[Exercise details]: Pictures aside, write out every record exactly as it appears.

** Opening Information supplied block **

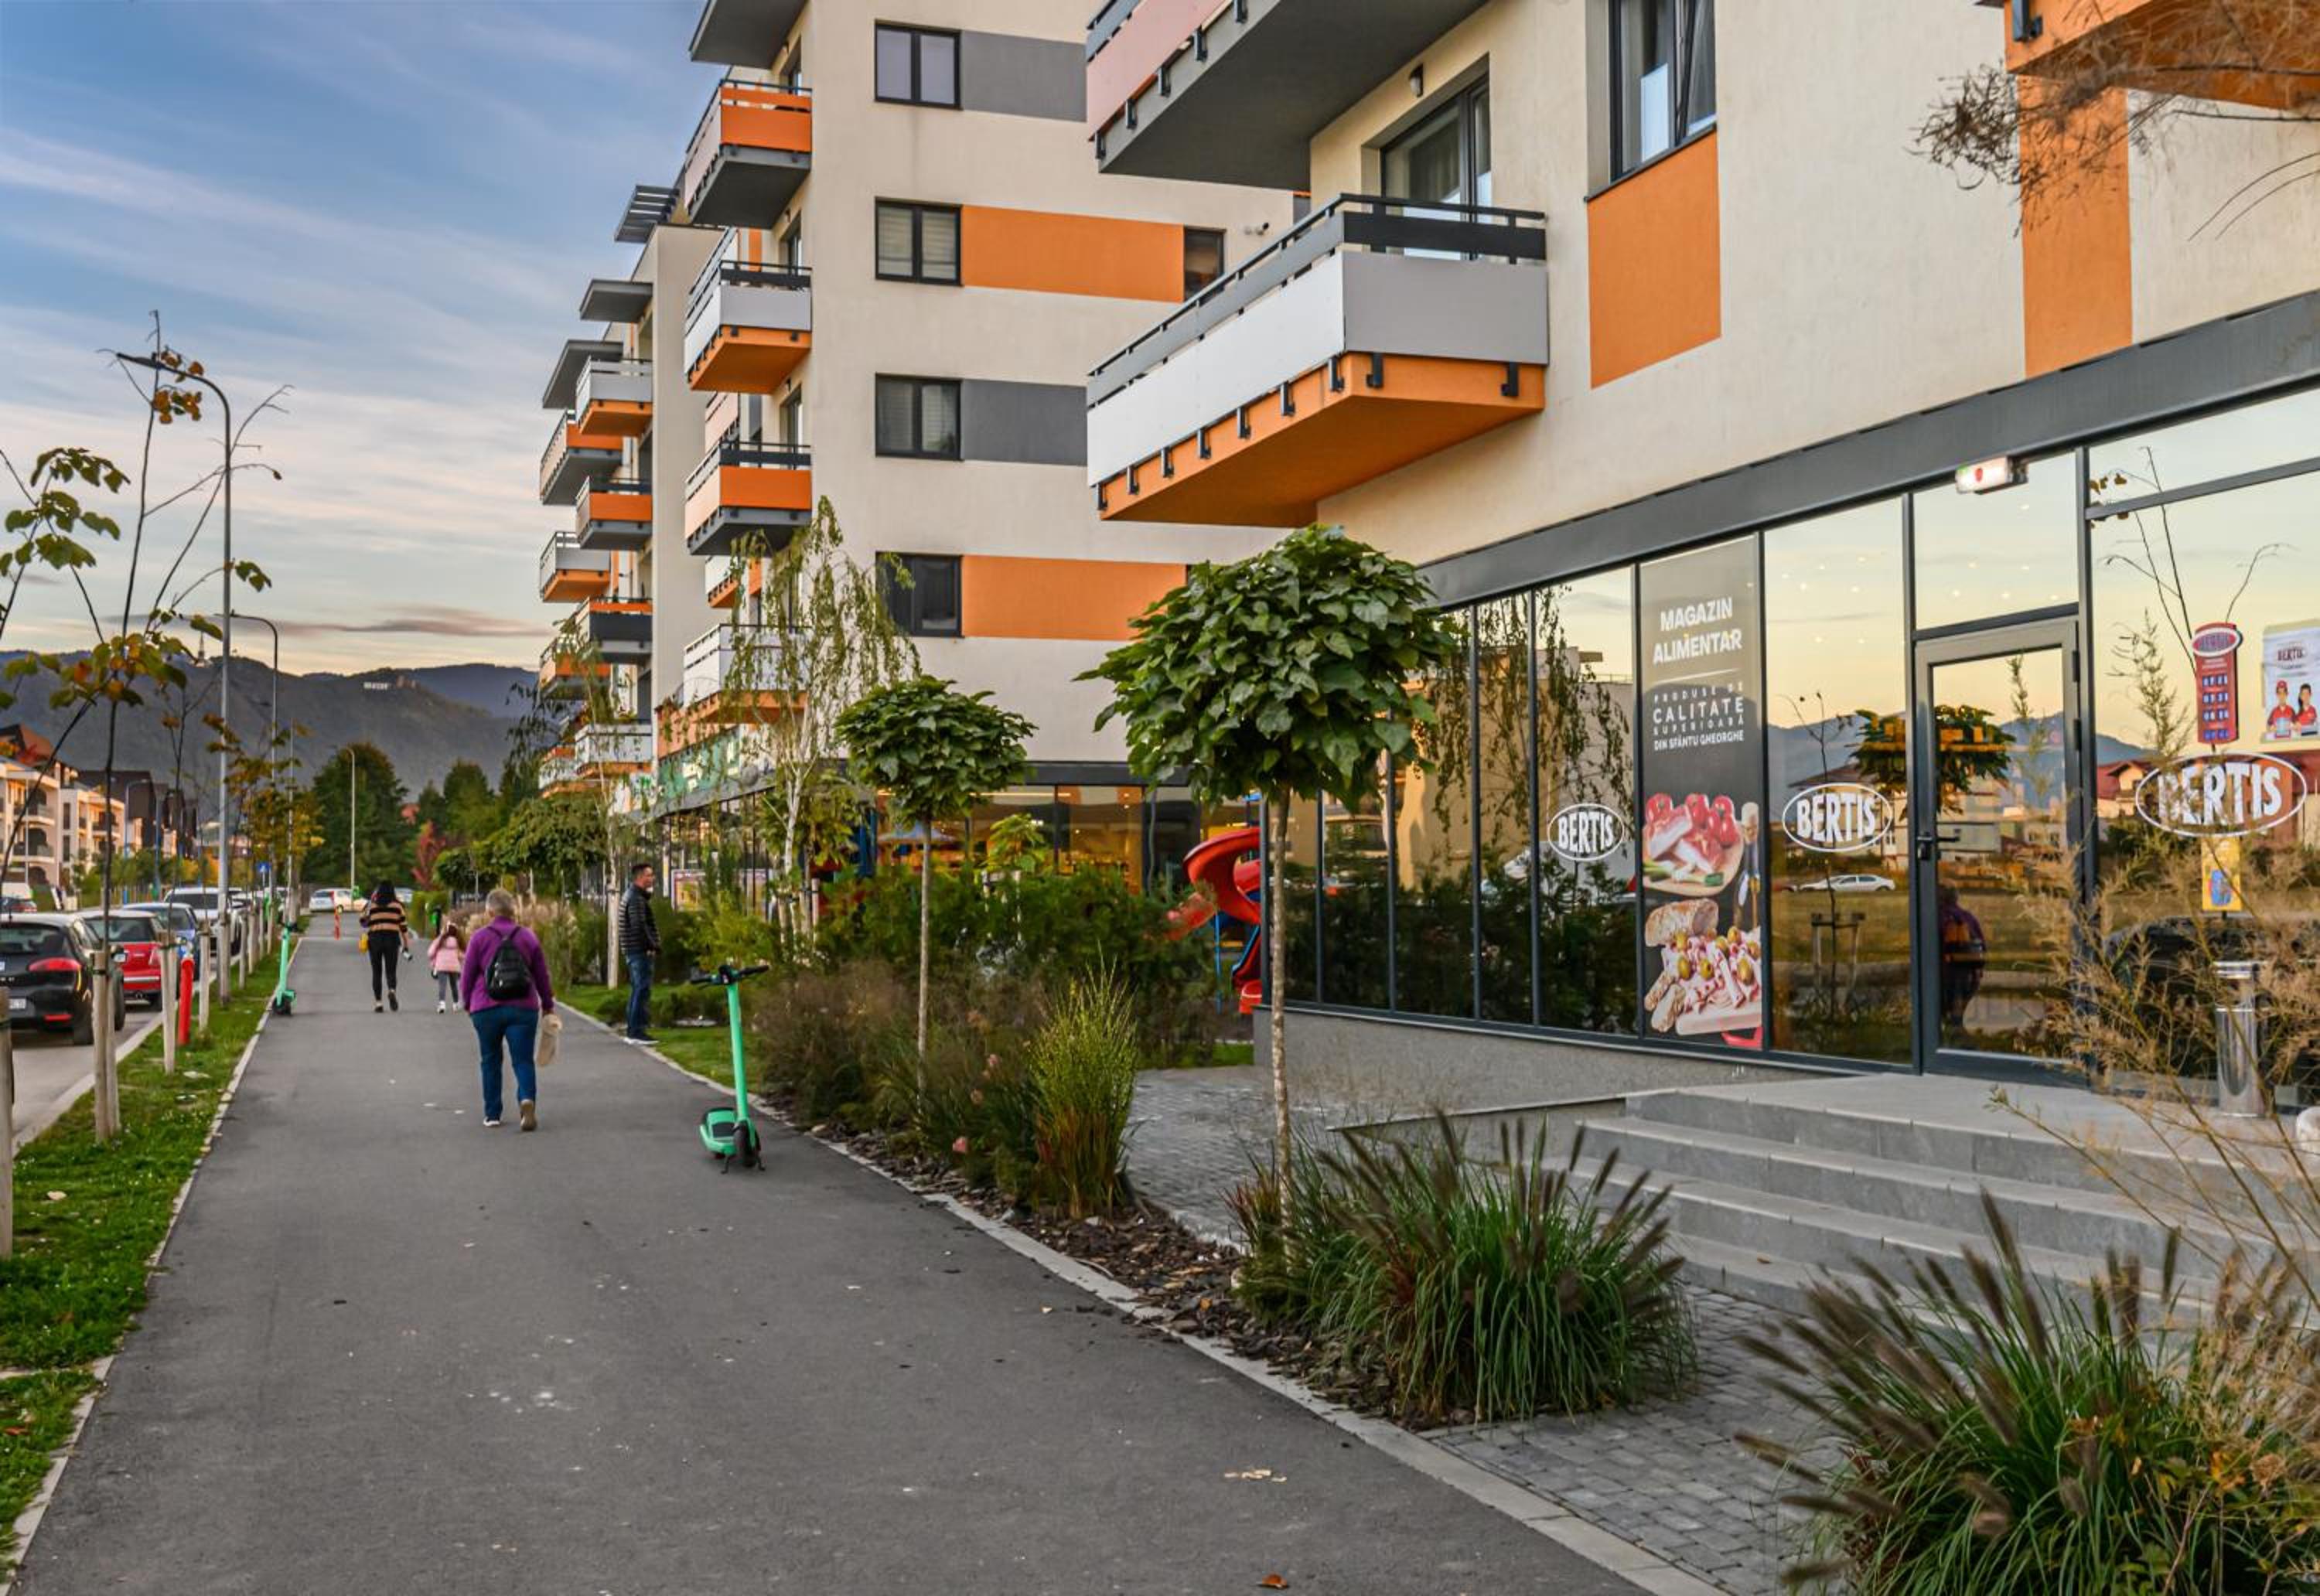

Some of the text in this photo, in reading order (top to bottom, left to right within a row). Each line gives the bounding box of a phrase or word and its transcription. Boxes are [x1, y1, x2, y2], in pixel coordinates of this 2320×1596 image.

[1660, 597, 1732, 631] MAGAZIN
[1653, 629, 1742, 665] ALIMENTAR
[1653, 696, 1744, 724] CALITATE
[2158, 762, 2282, 826] BERTIS
[1558, 811, 1613, 854] BERTIS
[1796, 791, 1875, 842] BERTIS

** Closing Information supplied block **

[Reply]:
Some of the text in this photo, in reading order (top to bottom, left to right within a row). Each line gives the bounding box of a phrase or word and its transcription. Boxes are [x1, y1, x2, y2], in pixel coordinates of this 2320×1596 image.

[1660, 597, 1732, 631] MAGAZIN
[1653, 629, 1742, 665] ALIMENTAR
[1653, 696, 1744, 724] CALITATE
[2158, 762, 2282, 826] BERTIS
[1558, 811, 1613, 854] BERTIS
[1796, 791, 1875, 842] BERTIS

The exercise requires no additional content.